Physical activity is a powerful lifestyle factor that on average reduces the risk for developing Type II diabetes. Further, a lack of fitness has been shown to be a better predictor of illness and premature death than some other factors that many people seem more concerned about, such as high blood pressure.

However, whilst some individuals respond very well to exercise training, with regard to improvements in health and fitness, others do not respond at all. We, for example, have previously shown that following supervised endurance exercise training, 20% of subjects show no change in fitness and 30% demonstrate no improvement in insulin sensitivity.

The objective of Metapredict is to discover if individualised lifestyle strategies can be developed to fight or prevent metabolic diseases such as obesity, diabetes and cardiovascular problems.

Biomarkers are measureable characteristics that can be used as an indicator of whether the body is healthy or is in a particular diseased state.
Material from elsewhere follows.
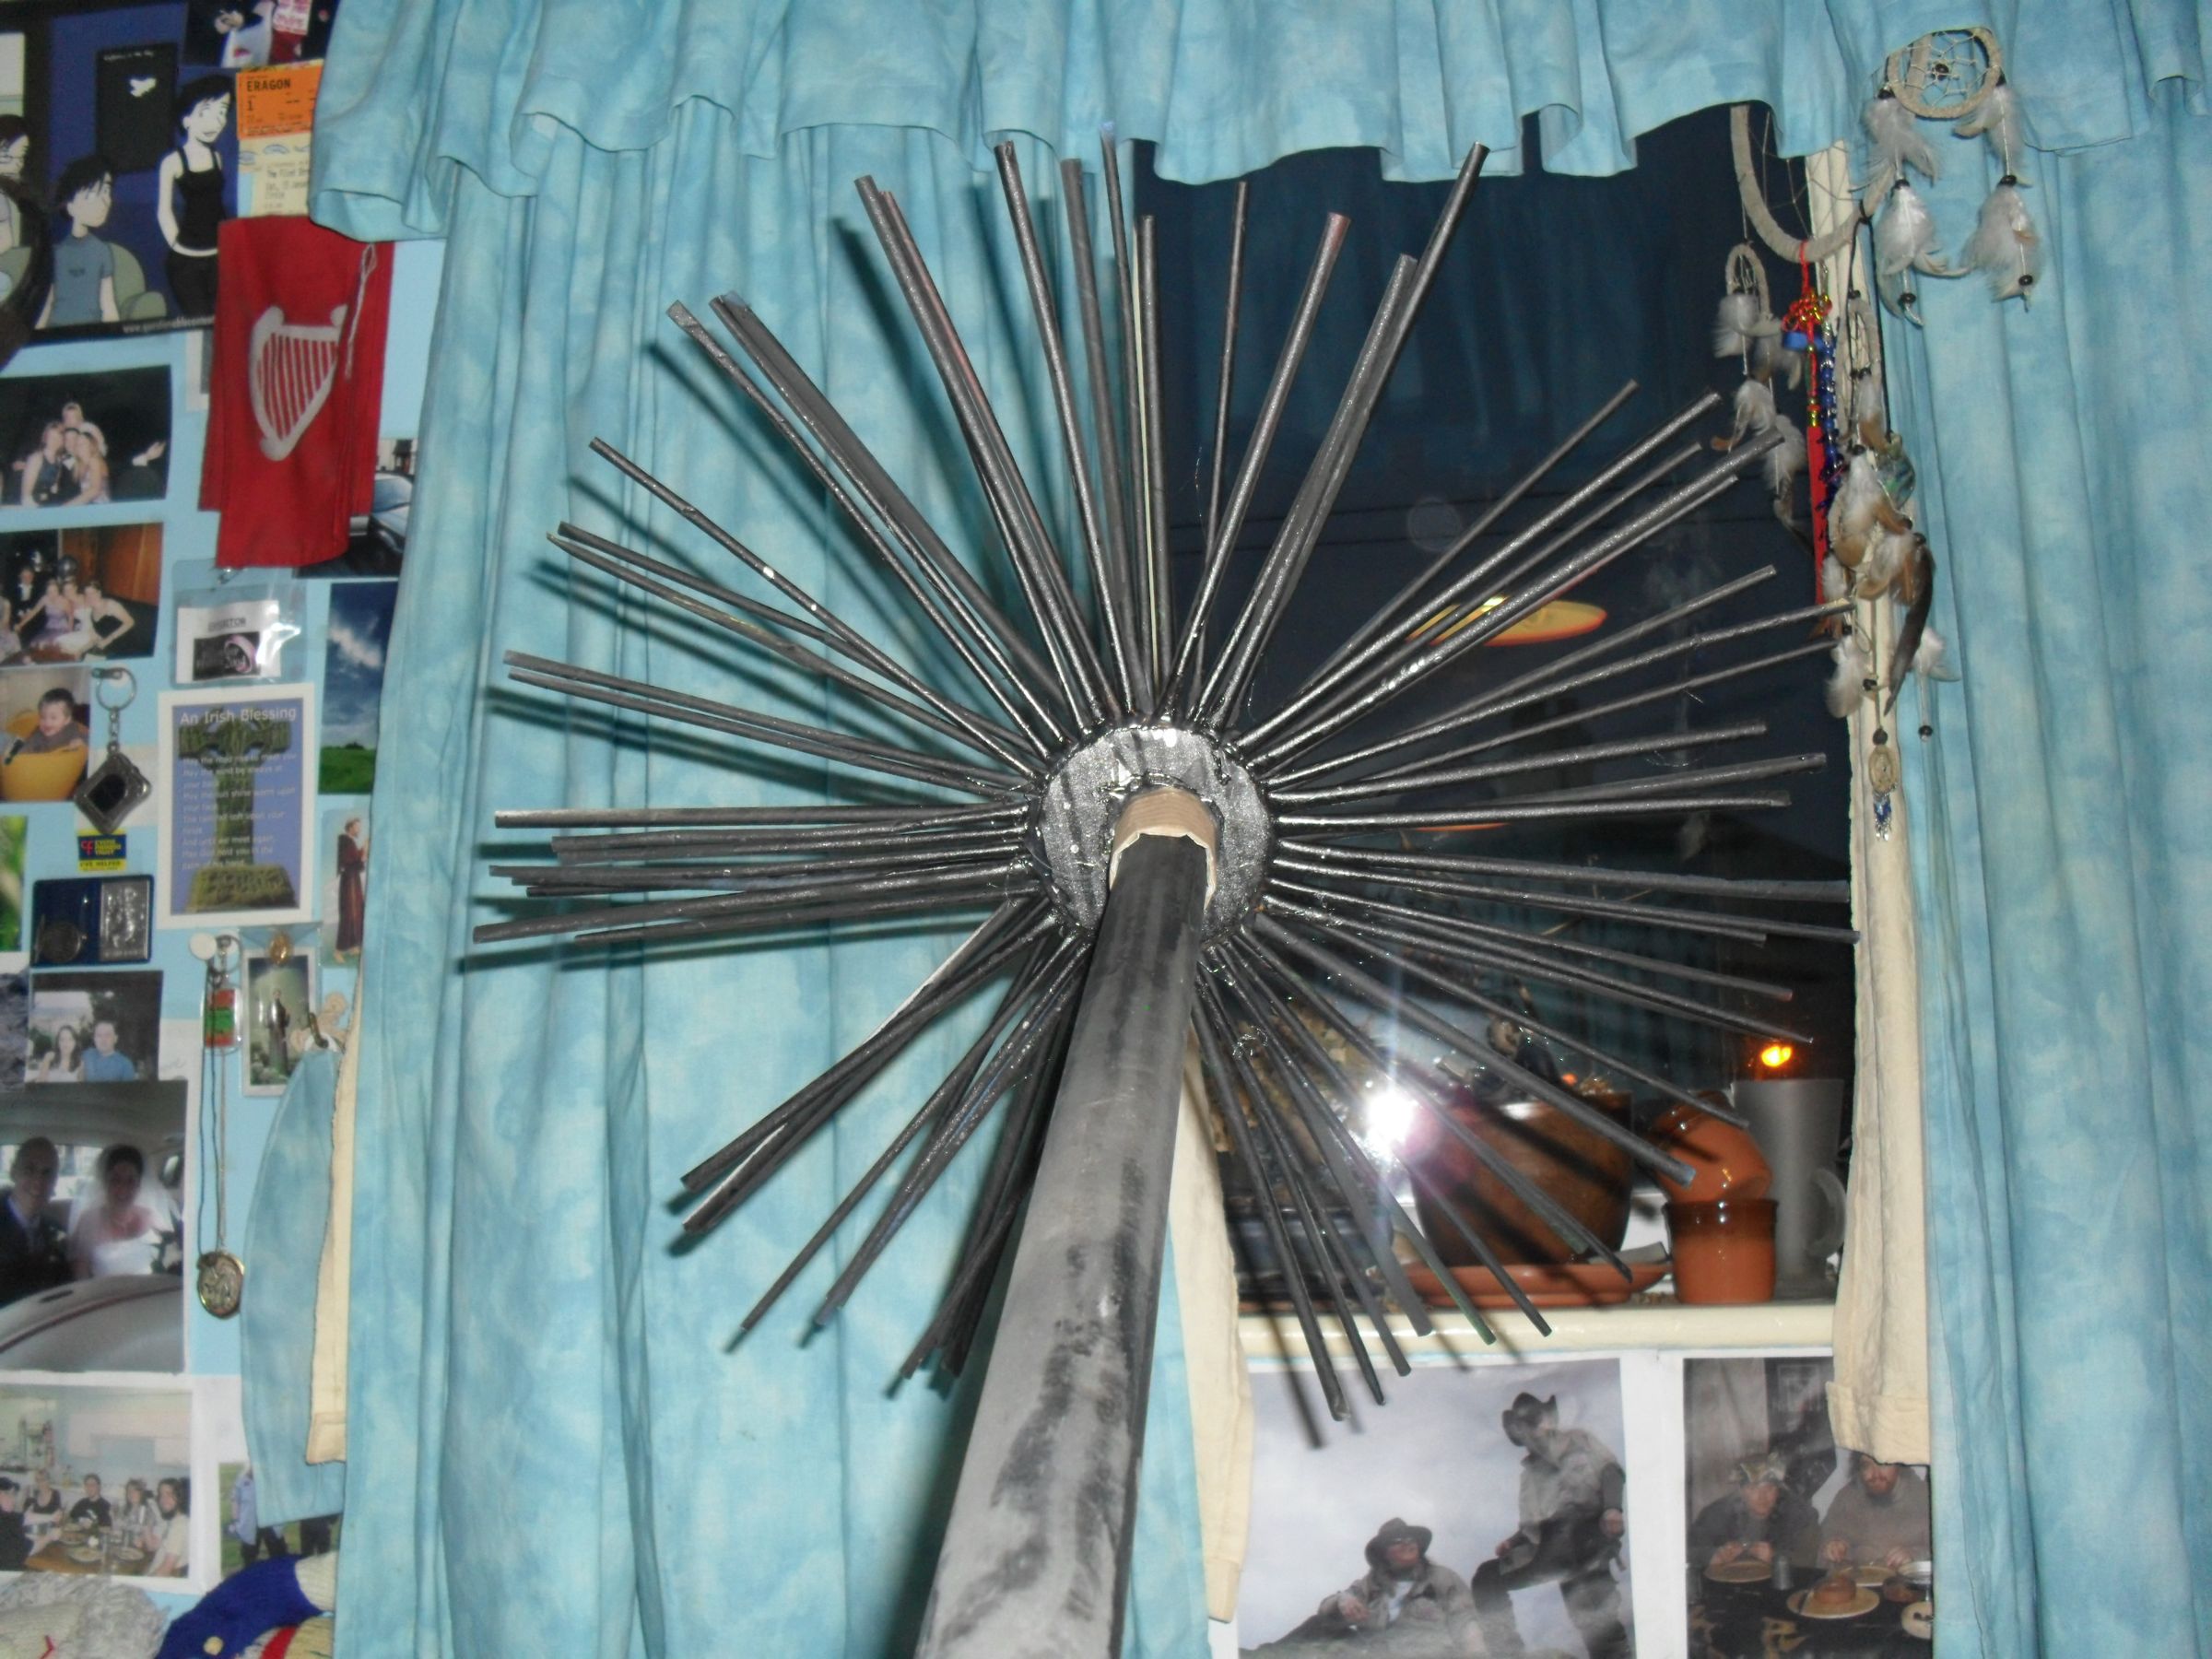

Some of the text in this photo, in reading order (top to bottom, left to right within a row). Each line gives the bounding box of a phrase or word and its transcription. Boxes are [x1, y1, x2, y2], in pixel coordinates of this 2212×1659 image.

[247, 78, 291, 92] ERAGON
[180, 706, 297, 725] An Irish Blessing
The Metapredict project plans to identify molecular biomarkers and study the response to exercise and training. The concept is that by using molecular profiling of blood/muscle samples we will develop personalised lifestyle intervention tools.

Our research is supported by EU-funding of €6 million and is carried out by an international multidisciplinary research consortium including medical staff, physiologists, and experts in genetics, genomics, informatics, and metabolism.

High Intensity Training

Metapredict has set out to study how 300 people across the United Kingdom, Sweden, Finland, Spain, Canada and the United States respond to a 10-week supervised exercise-training programme.

The study group will train for 15 minutes for three days a week. We will then conduct a number of physiological tests such as monitoring their appetite, body fat, fitness levels and metabolism.

A major aspect of the current project will be High-Intensity Training (HIT), a programme developed during a previous study which took over eight years and involved hundreds of volunteers from the United Kingdom and Canada who cycled on an exercise bike for 20-30 seconds three times a week.

HIT was discovered to use far more muscle tissue than classic aerobic exercise. So the aim now is to decipher for whom it works best for, and how it impacts on body composition and other important health parameters.